■ Task ■
Render every line of the data exactly as written, and leave out the pictures.

■ Extracted material ■
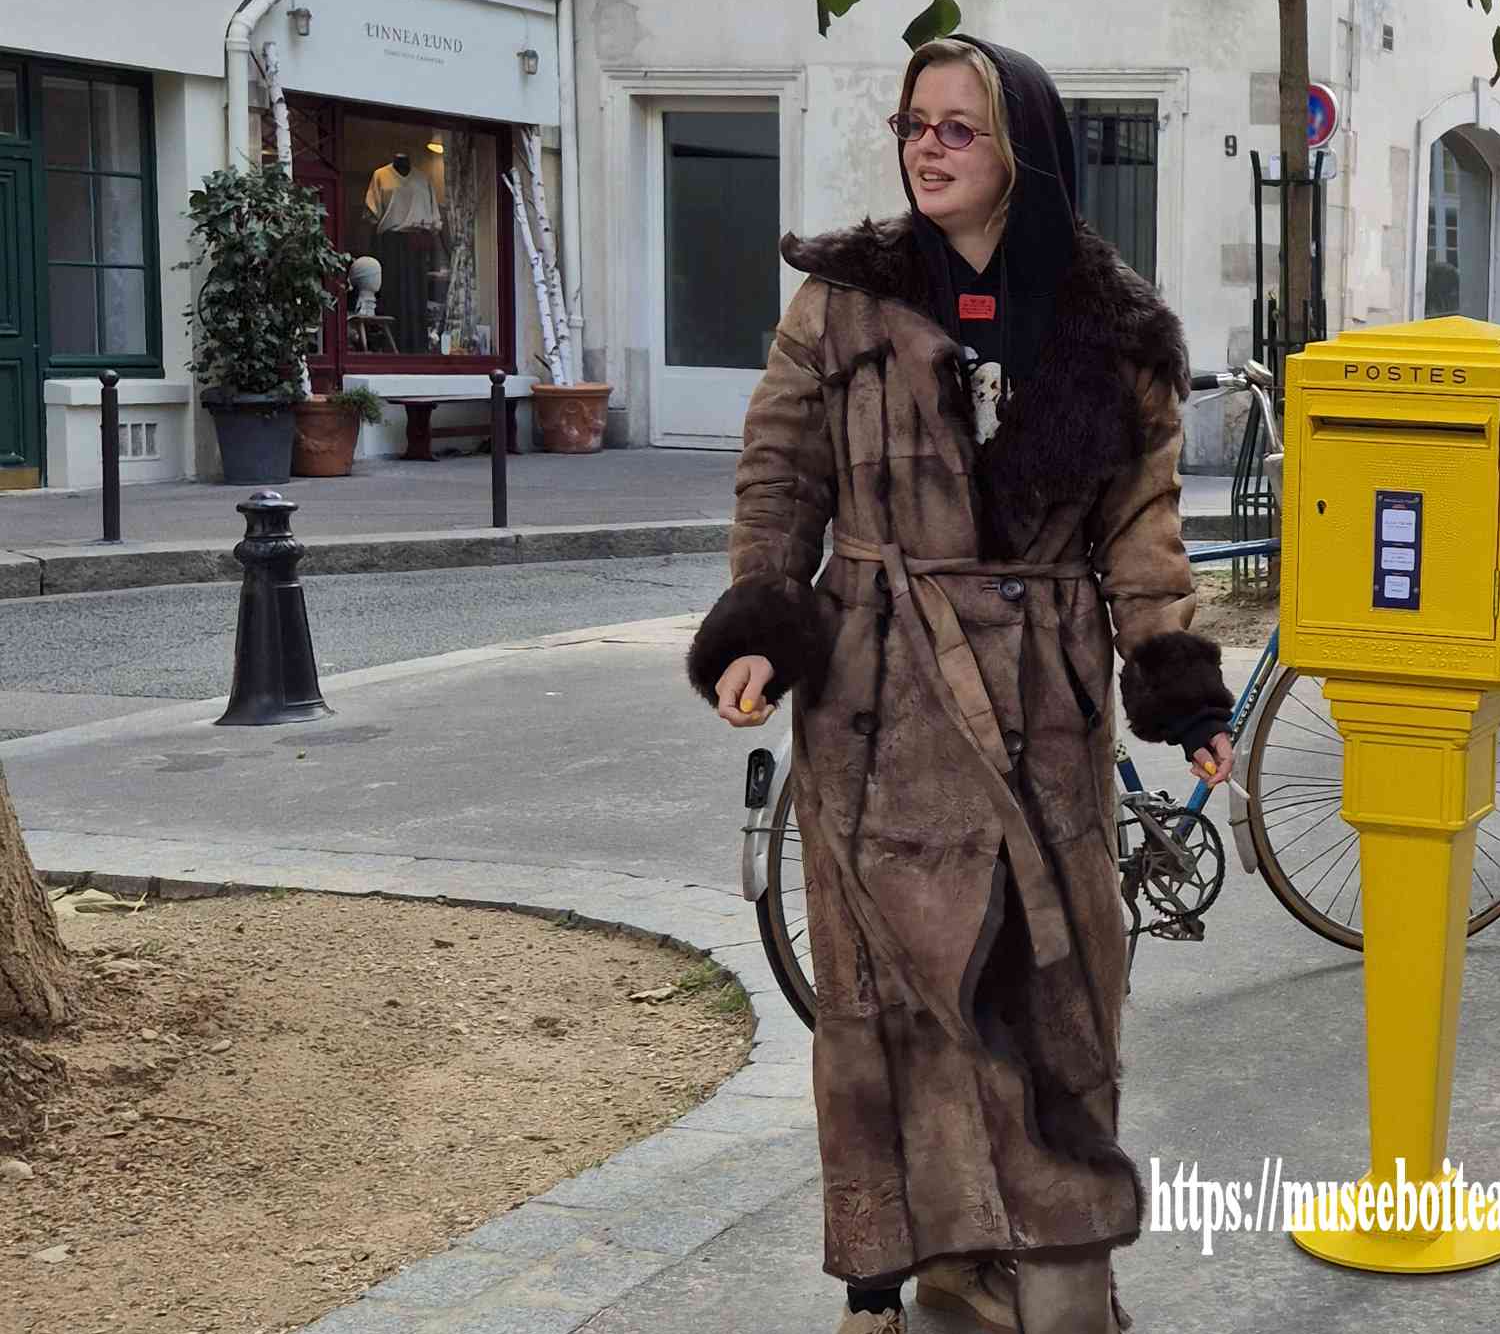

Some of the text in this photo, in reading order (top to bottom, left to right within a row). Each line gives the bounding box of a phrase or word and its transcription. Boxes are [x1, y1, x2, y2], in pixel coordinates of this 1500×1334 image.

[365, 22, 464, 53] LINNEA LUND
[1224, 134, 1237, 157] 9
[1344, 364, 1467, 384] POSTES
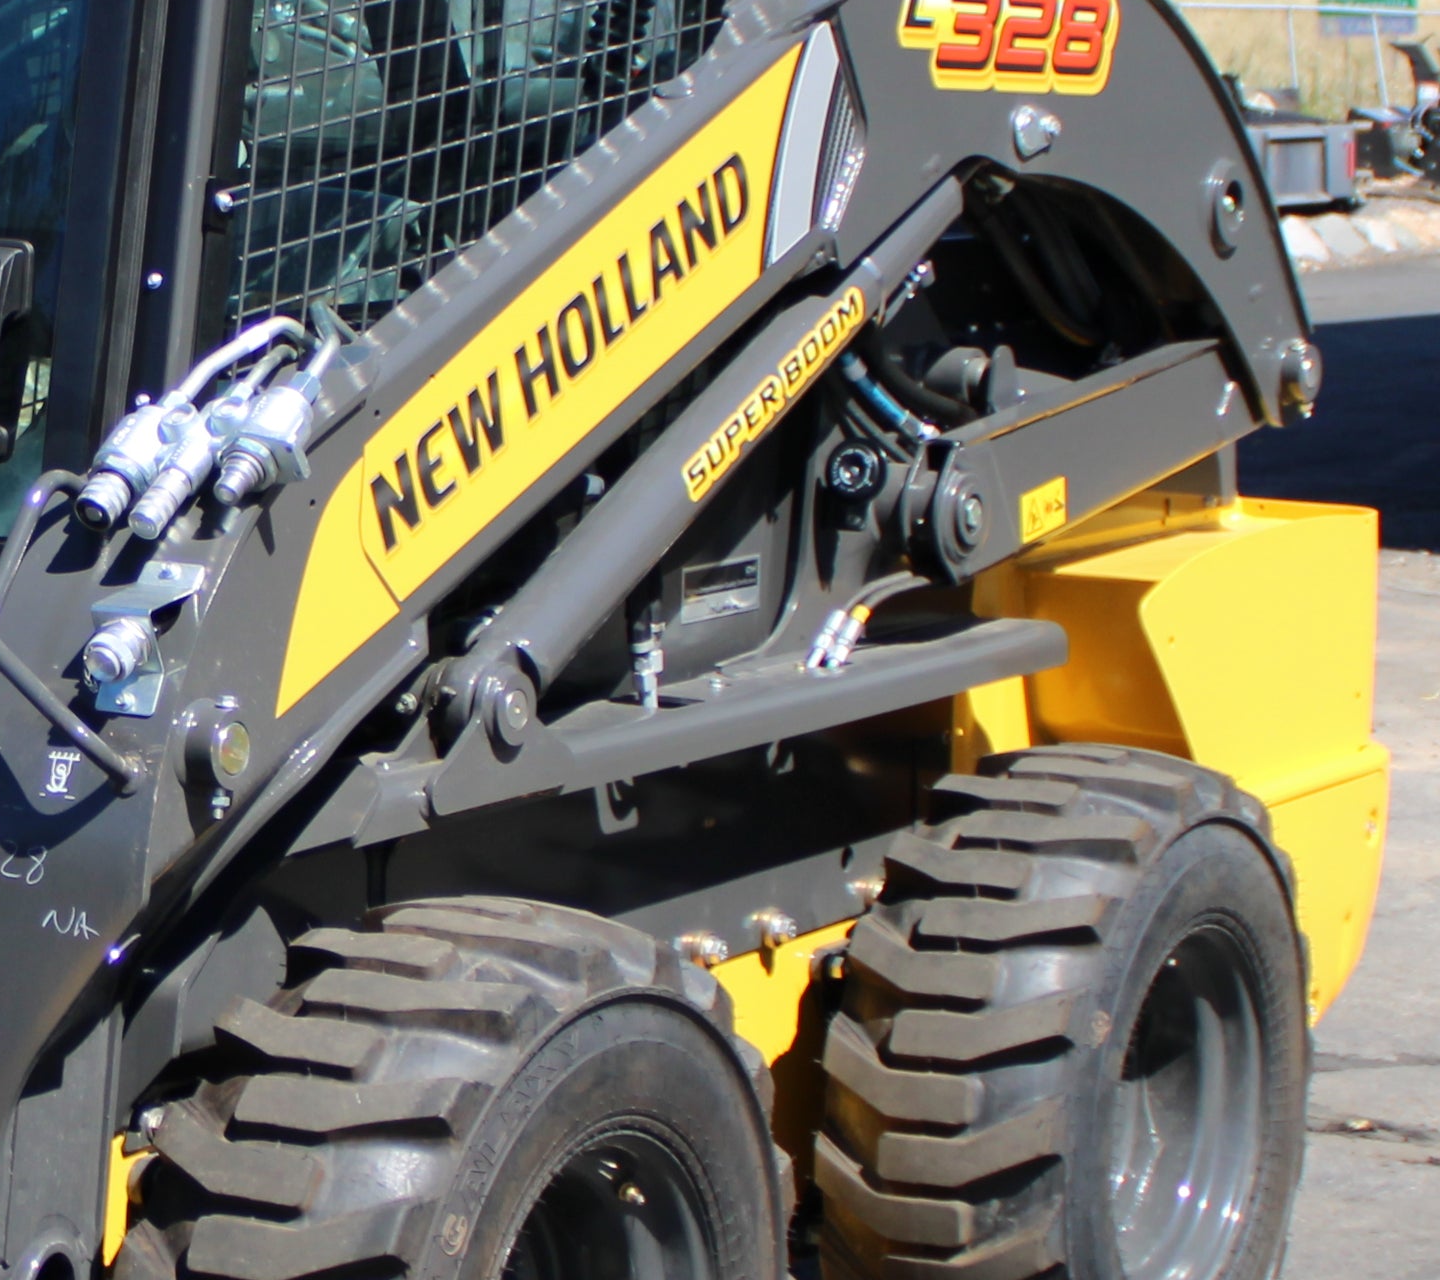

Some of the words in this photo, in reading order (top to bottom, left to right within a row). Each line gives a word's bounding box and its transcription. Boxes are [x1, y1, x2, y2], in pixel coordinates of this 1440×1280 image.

■ Response area ■
Some of the text in this photo, in reading order (top to bottom, left to right within a row). Each line gives the bounding box of a phrase or word and its transcription. Boxes are [x1, y1, x2, y2], in pixel coordinates of this 1500×1334 image.

[365, 22, 464, 53] LINNEA LUND
[1224, 134, 1237, 157] 9
[1344, 364, 1467, 384] POSTES

Some of the words in this photo, in reading order (top to bottom, left to right within a row). Each line gives a word's bounding box and its transcription. Boxes are [x1, y1, x2, y2], in pixel coordinates of this 1440×1280 image.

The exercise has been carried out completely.